I know, you’re probably thinking: well Flora, there are a LOT of different reasons why people want to have sex. You’d be right to think that, because researchers have asked people (a large portion were university students) to list different reasons to have sex, and found over 200 different and unique reasons for why people engage in sex. These motivations can be grouped into two different categories: having sex for approach goals, and having sex for avoidance goals.
Having sex for approach goals means to have sex because you want to get closer to or be more intimate with the other person; you want to be affectionate, or you want to show them how much you love them. Basically, you just want to achieve a positive outcome.
Avoidance goals, on the other hand, are reasons such as you wanting to have sex to prevent an argument from happening, doing it so they don’t breakup with you or lose interest in you, or you don’t feel like you can say “no.” The motivations behind these sexual encounters are to avoid negative outcomes.
You may be thinking: well aren’t these two pretty similar? And for some, isn’t having sex to prevent a breakup a positive outcome?

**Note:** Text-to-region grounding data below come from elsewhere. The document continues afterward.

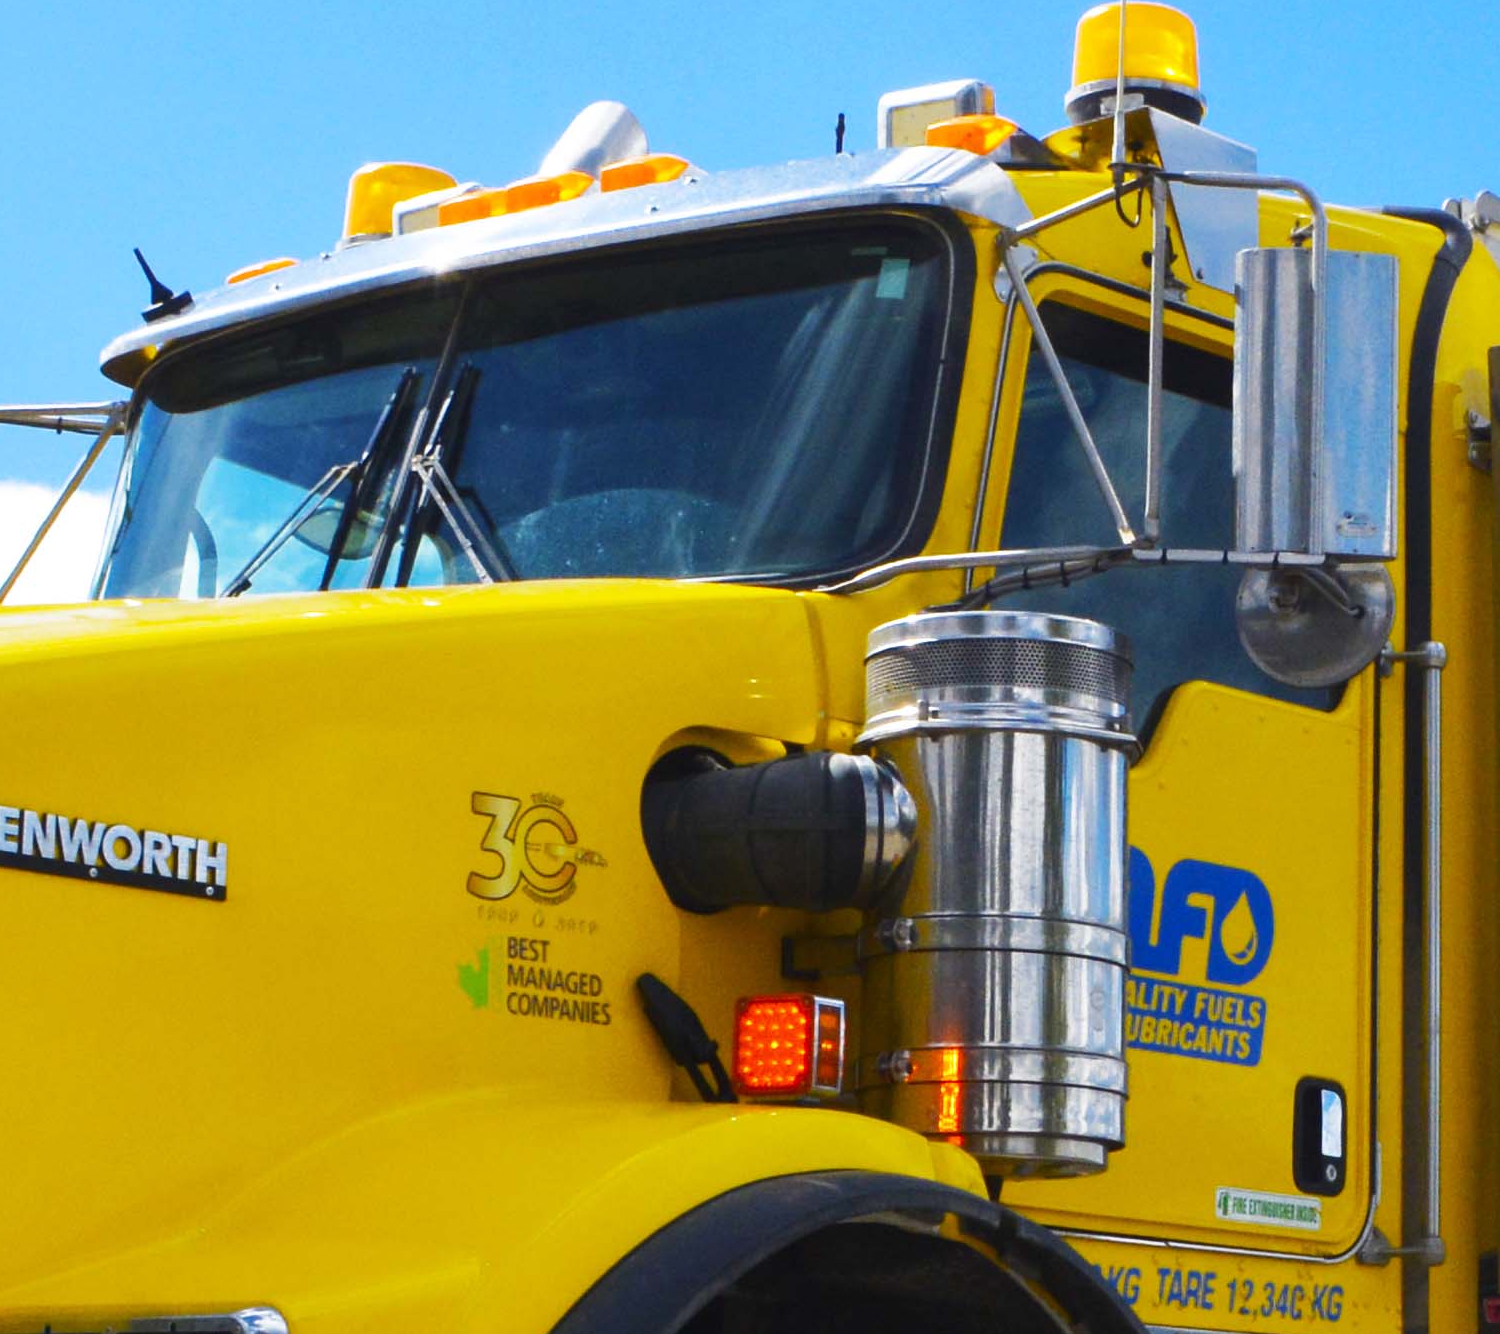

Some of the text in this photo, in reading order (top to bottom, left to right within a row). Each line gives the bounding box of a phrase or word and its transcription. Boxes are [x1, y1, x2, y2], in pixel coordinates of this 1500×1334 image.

[506, 936, 550, 964] BEST
[506, 964, 604, 998] MANAGED
[506, 992, 612, 1027] COMPANIES
[1126, 979, 1262, 1029] ALITY FUELS
[1125, 1012, 1252, 1060] UBRICANTS
[1157, 1266, 1217, 1310] TARE
[1311, 1283, 1344, 1322] KG

Well, it was found that over a period of a few weeks, people who had sex for approach goals ultimately felt more satisfied in both their relationship and sex lives. Furthermore, these motivations were also associated with better personal and interpersonal wellbeing.
Conversely, people who had sex for avoidance goals felt less relationship and sexual satisfaction, and these motivations also showed negative associations with personal and interpersonal wellbeing.

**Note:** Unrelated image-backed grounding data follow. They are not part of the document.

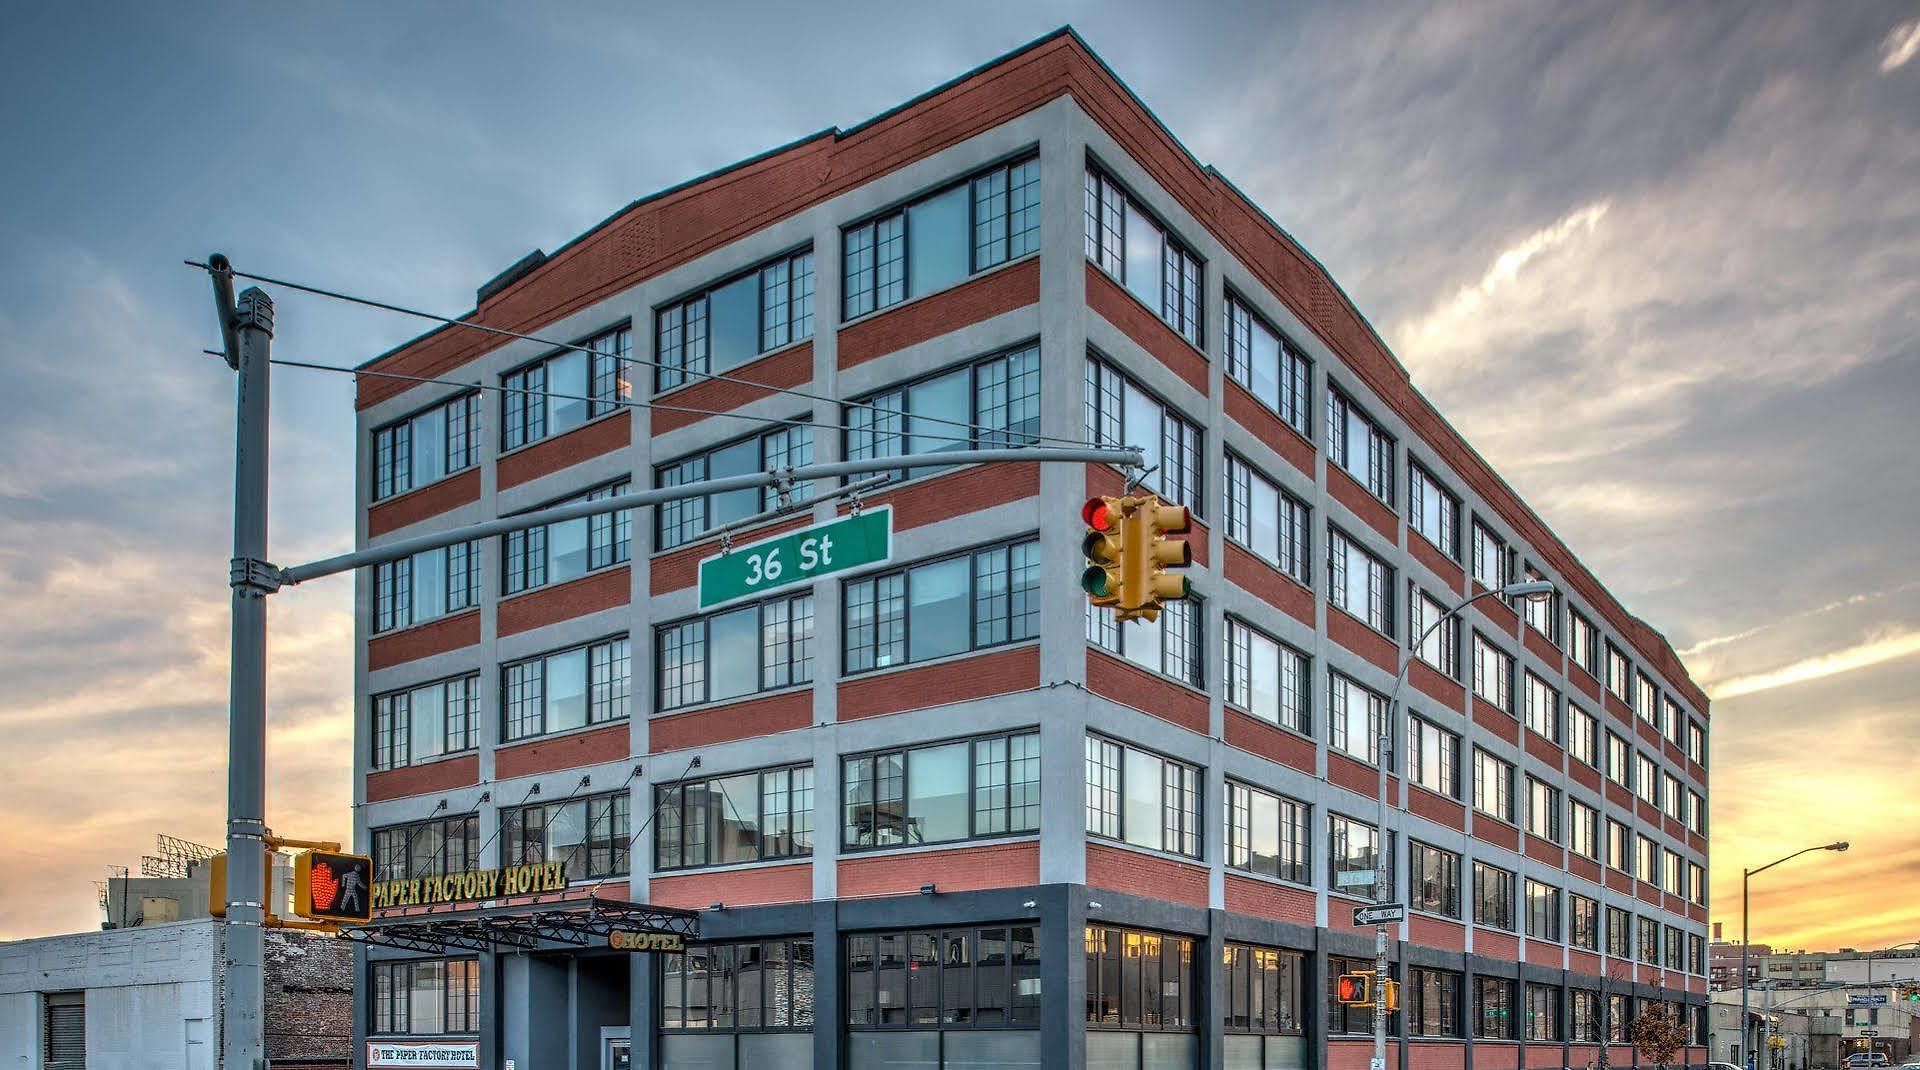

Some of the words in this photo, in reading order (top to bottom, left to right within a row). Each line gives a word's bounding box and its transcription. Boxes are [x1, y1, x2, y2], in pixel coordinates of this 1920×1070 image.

[745, 547, 783, 586] 36
[799, 534, 833, 571] St
[372, 879, 421, 908] PAPER
[423, 869, 499, 903] FACTORY
[503, 862, 566, 895] HOTEL
[1359, 911, 1373, 920] ONE
[1380, 909, 1396, 919] WAY
[623, 932, 685, 951] HOTEL
[381, 1049, 394, 1060] THE
[396, 1049, 418, 1060] PAPER
[419, 1050, 451, 1061] FACTORY
[451, 1050, 475, 1061] HOTEL
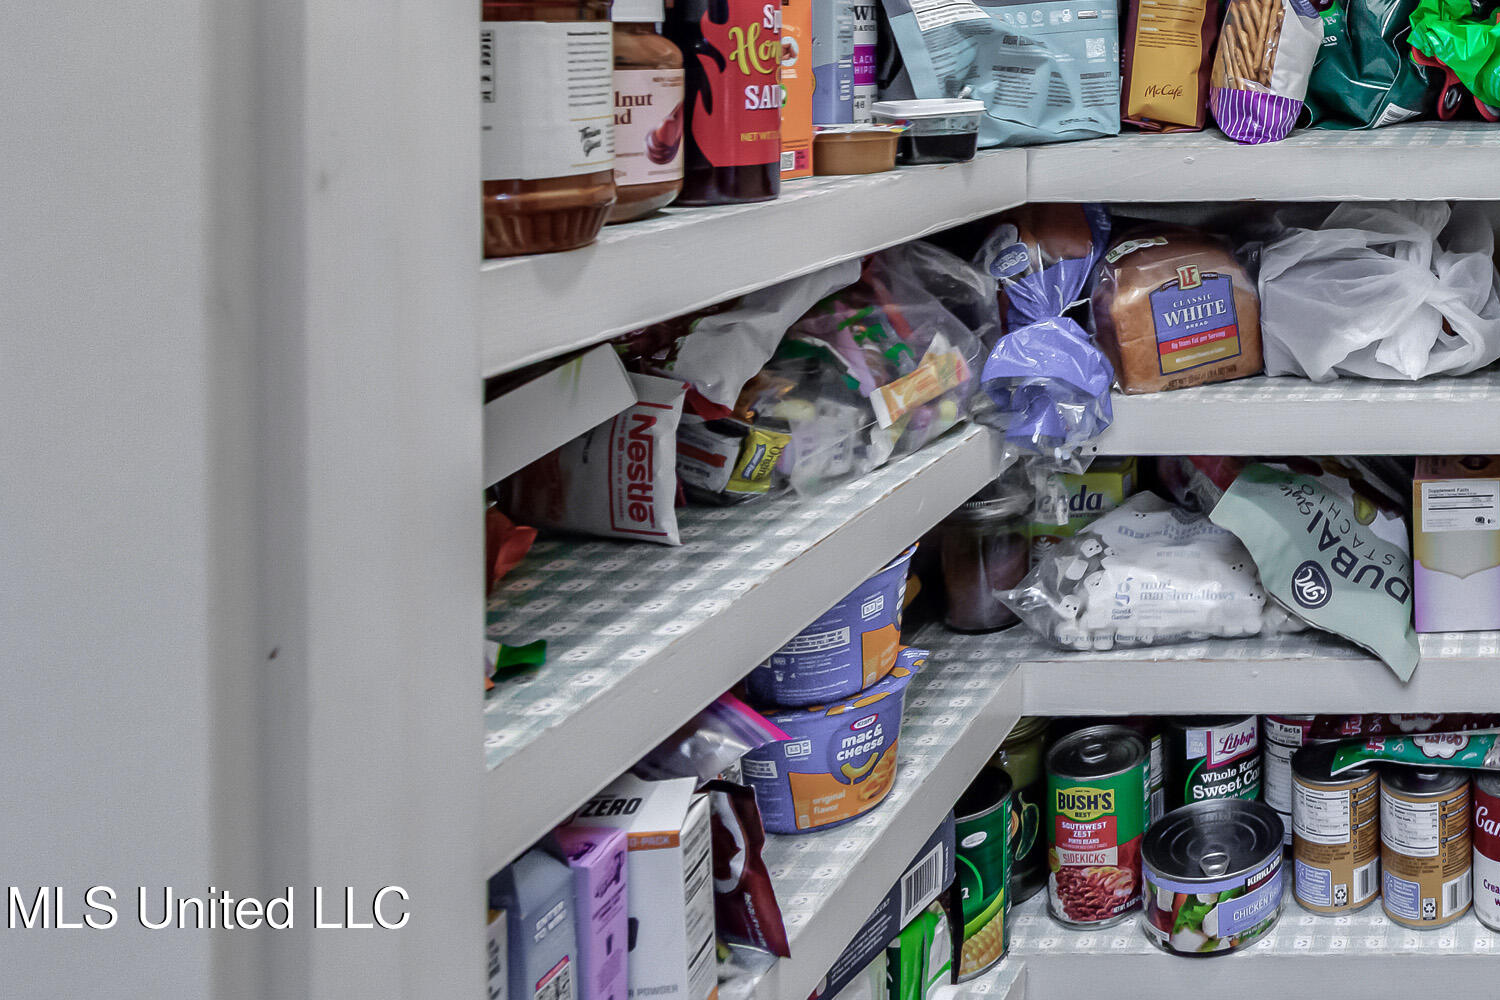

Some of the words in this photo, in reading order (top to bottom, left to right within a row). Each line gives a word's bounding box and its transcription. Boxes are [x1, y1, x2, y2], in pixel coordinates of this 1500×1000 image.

[1173, 294, 1212, 308] CLASSIC
[1162, 299, 1227, 328] WHITE
[1185, 320, 1209, 330] BREAD
[1306, 509, 1412, 606] DUBAI
[841, 729, 873, 748] mac
[873, 724, 883, 736] &
[1201, 765, 1237, 784] Whole
[1193, 776, 1242, 800] Sweet
[580, 798, 642, 818] ZERO
[1058, 790, 1113, 811] BUSH'S
[1062, 821, 1107, 830] SOUTHWEST
[1073, 830, 1091, 838] ZEST
[1062, 853, 1107, 864] SIDEKICKS
[1247, 856, 1281, 887] KIRKLAND
[1233, 897, 1269, 921] CHICKEN
[637, 984, 678, 996] POWDER

The consequences of your motivations extend to more than just yourself; one person’s motivation for having sex influences the other person’s relationship and sexual satisfaction. Over time, having sex for avoidance goals predicts decreases in relationship quality and sexual desire for everyone in the relationship.
What this means then, is that despite the efforts you put into your sex life to avoid negative outcomes, you may end up getting caught in a vicious cycle, as your efforts may only create more reason to have sex for avoidance goals. In fact, it is perhaps better to kindly turn down the other person’s advances than to have sex for avoidance goals.

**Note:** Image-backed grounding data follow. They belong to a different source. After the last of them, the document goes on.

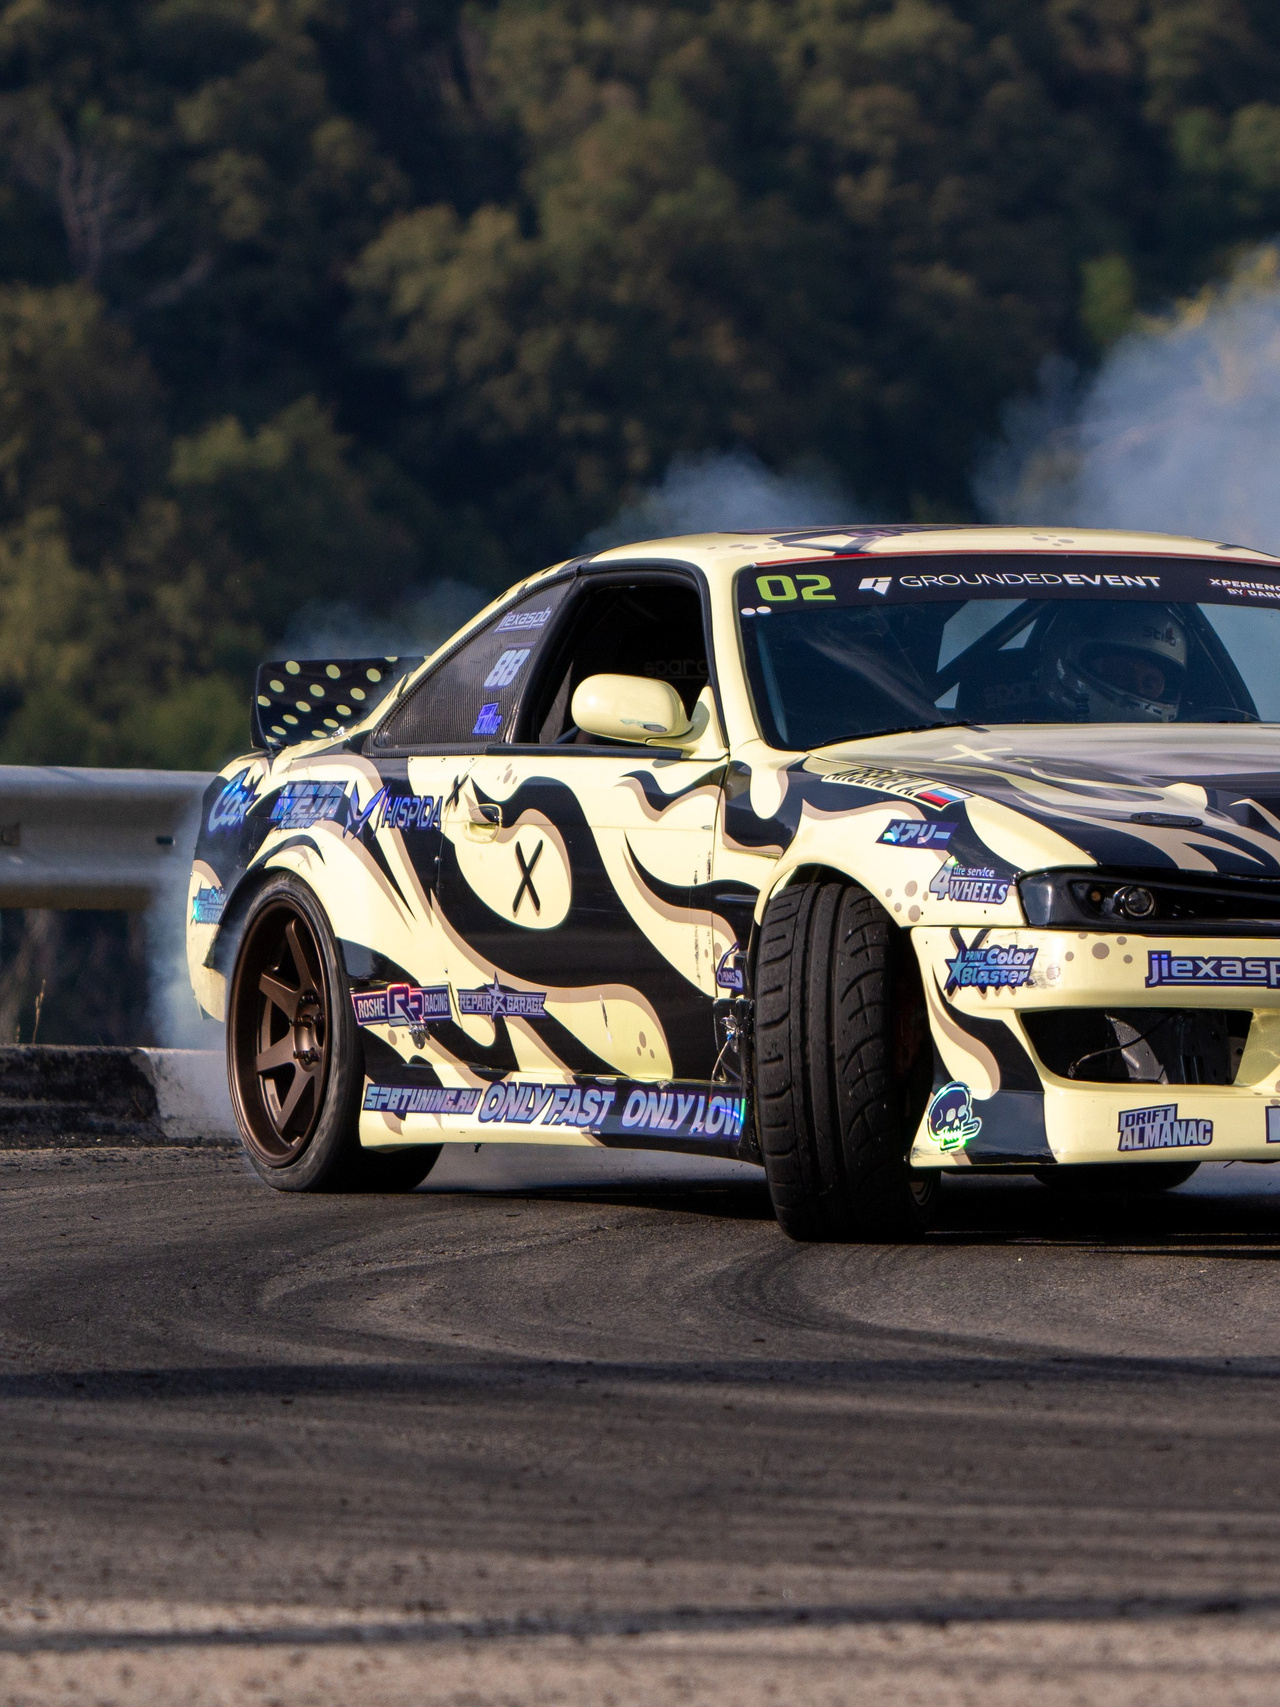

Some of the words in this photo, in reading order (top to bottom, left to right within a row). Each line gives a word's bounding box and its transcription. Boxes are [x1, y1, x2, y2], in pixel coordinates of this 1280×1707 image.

[756, 574, 836, 601] 02
[1227, 588, 1244, 596] BY
[483, 648, 531, 689] 88
[381, 796, 442, 828] HISPIDA
[883, 822, 951, 845] メアリー
[953, 864, 966, 875] tire
[967, 866, 995, 878] service
[949, 880, 1009, 904] WHEELS
[965, 950, 986, 961] PRINT
[986, 948, 1035, 965] Color
[961, 970, 1029, 984] Blaster
[357, 997, 386, 1019] ROSHE
[424, 993, 448, 1013] RACING
[459, 994, 492, 1011] REPAIR
[506, 997, 545, 1013] GARAGE
[478, 1083, 553, 1123] ONLY
[540, 1087, 616, 1127] FAST
[621, 1089, 696, 1131] ONLY
[688, 1095, 746, 1136] LOW
[1125, 1108, 1171, 1127] DRIFT
[1119, 1120, 1212, 1150] ALMANAC

Contrary to popular belief, having sex with your partner after fighting (also known as ‘makeup sex’) is actually not as great as it’s made out to be in the media. While the research on this isn’t abundant, it has been found that having sex after conflict was less enjoyable than having sex on days without conflict, although it does temporarily buffer against the negative effects of conflict experience (sex really does wonders for your love life). However, in the long-term, it doesn’t appear to buffer against changes in relationship satisfaction; probably because when people have sex after fighting, it tends to be for avoidance goals.
Perhaps, having more approach goals than avoidance goals when engaging in ‘makeup sex’ will allow people to reap more benefits from it.
So, having the right motivations for sex is important. Ultimately, it does appear to be best for your relationship, your sex life, and overall wellbeing, to have sex for approach goals.
Of course, this comes with caveats. As there are typically two people in a relationship (and it also takes at least two to have sex), it’s important to consider everyone’s sexual motivations because one’s motivations will impact others.
For further reading:
Kim, J., Muise, A., & Impett, E. A. (2018) – The relationship implications of rejecting a partner for sex kindly versus having sex reluctantly.
Maxwell, J. A., & Meltzer, A. L. (2020) – Kiss and makeup? Examining the co-occurrence of conflict and sex.
Meston, C. M., & Buss, D. M. (2007) – Why Humans Have Sex.
Muise, A., Impett, E. A., & Desmarais, S. (2013) – Getting it on versus getting it over with: Sexual motivation, desire, and satisfaction in intimate bonds.
Impett, E. A., Peplau L. A., & Gable, S. L. (2005) – Approach and avoidance sexual motives: Implications for personal and interpersonal well-being.